# Non-Payment



## tommyo

I have been in the tree biz. for 8 years now! Never had a costomer or Contractor not pay the bill for stump grinding.I ground out a stump for him at his house 3 months ago.He is a Building contractor and I have done work for him in the past with no problems with payment.I have called him 8 times.Leave messages and taped another copy of the Bill to his front door.Im getting steamd  There are a few things I would have done 15-20years ago that would have maked me feel a little better.What do you do in this situation?


----------



## MiracleRepair

Talk to his current customer, act concerned, Ask if they have seen any contractors talking to him about not paying. Current customer will almost always get paranoid and hit him up about it. That will usually make him pay up, since no one wants bad word of mouth while doing a job.


----------



## tommyo

*Paid*

Today,I drove by his house, the wife came to the door. She looked serprised,oh your the stump guy,let me write you a check, she said sorry you had to chase your money down.:taped:Hope it dosn't bounce. What are some of the things you all have had to do to get paid?Thought I may have to dump 3 tons of pine rounds in his driveway.Hope the check clears.


----------



## imagineero

I've never had to face this situation luckily...

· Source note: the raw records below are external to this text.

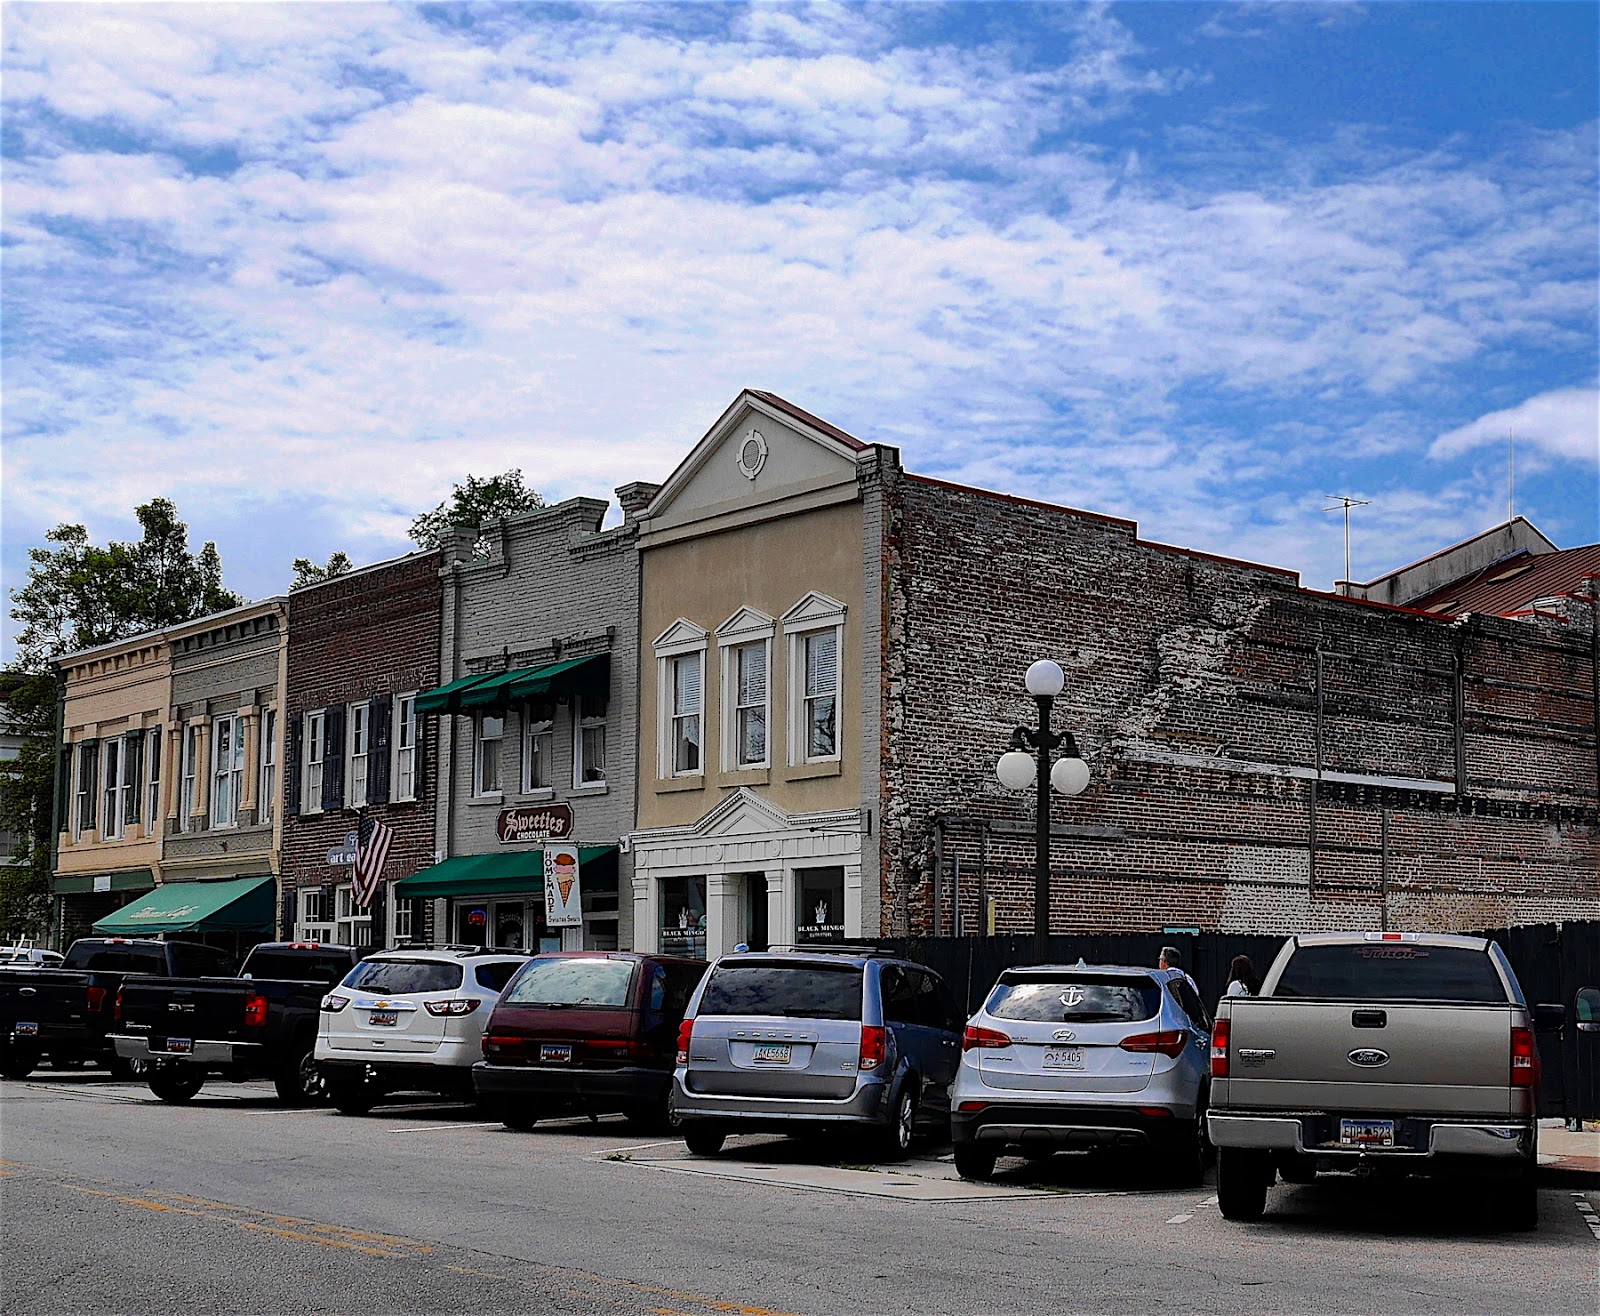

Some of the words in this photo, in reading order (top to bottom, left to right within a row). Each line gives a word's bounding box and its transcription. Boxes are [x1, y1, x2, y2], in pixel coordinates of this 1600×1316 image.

[504, 810, 565, 841] Sweeties
[516, 830, 551, 840] CHOCOLATE
[330, 853, 344, 863] art
[544, 851, 555, 914] HOMEMADE
[1061, 1051, 1081, 1062] 5405
[1357, 1052, 1378, 1062] Ford
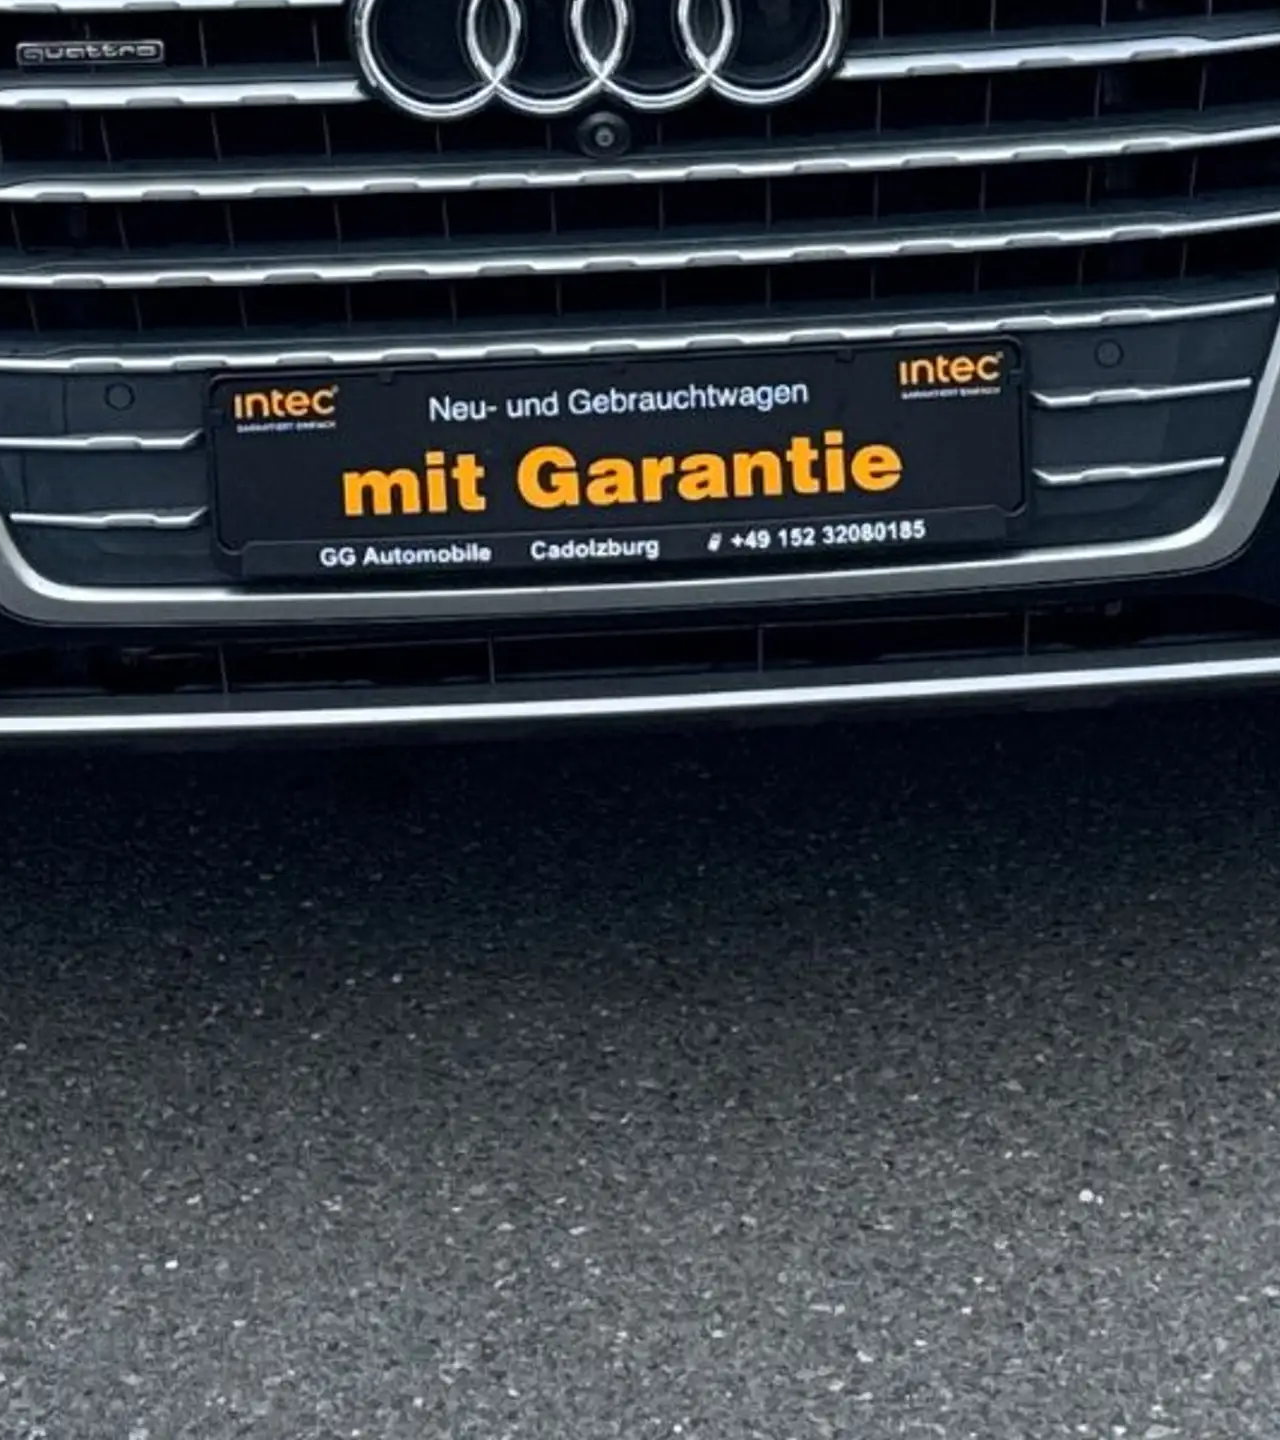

But a few guys I've worked with have. Have seen most of the silly things that people do to try to get their money back including property damage, theft, threats etc. Knew one guy who would just drop by the non-payers house whenever they weren't around and drop a load of palms in their drive. You have to pay to dump palms in aus, and the rate is $150~$200/tonne. It doesn't take many truckloads to recoup the money lost by not having to pay the dump fees. Even a big tree removal job usually only needs 2 truckloads of palm dumped to make the money back. Not very nice, but it is effective.


Shaun


----------



## surfspc

*redic*

Thats insane. I cant believe people would do that. But I guess if you dont have the money your only optiion is to just avoid the situation. Im sure he was low on money and couldnt pay you. But, everyone needs to get paid. Its not your fault.


----------



## lone wolf

tommyo said:


> i have been in the tree biz. For 8 years now! Never had a costomer or contractor not pay the bill for stump grinding.i ground out a stump for him at his house 3 months ago.he is a building contractor and i have done work for him in the past with no problems with payment.i have called him 8 times.leave messages and taped another copy of the bill to his front door.im getting steamd  There are a few things i would have done 15-20years ago that would have maked me feel a little better.what do you do in this situation?


 
do not trust builders!


----------



## surfspc

lone wolf said:


> do not trust builders!


 
Serious, what a joke


----------



## Walt41

lone wolf said:


> do not trust builders!


 
I would not lump all builders together but rather I would take the time to talk to a builders subs before I got in too deep with a builder, the subs will tell you who pays and who does not.


----------



## flyboy553

*There are ways,...*

Quite a few yrs ago, I owned a septic tank pumping business. I went to a guys house, pumped 2000 gallons of sewage out of his tanks, and then he told me he had just been injured at work and couldn't pay me until his work comp started coming. 
That sounded believable and even though I really needed to be paid right away, I could wait a week. Well, time went by, and each time I would stop to be paid, no one answered the door, but there would be empty boxes in the yard that had held a new dishwasher, new cupboards, new fridge, all kinds of stuff.
So one day, driving by with my truck full of sewage, I stopped in, started to back on to the lawn, and the guy came running out. What are you doing, he yelled. I said I was bringing his s*it back, since he wouldn't pay for it, I didn't want it, and didnt want to pay to get rid of it.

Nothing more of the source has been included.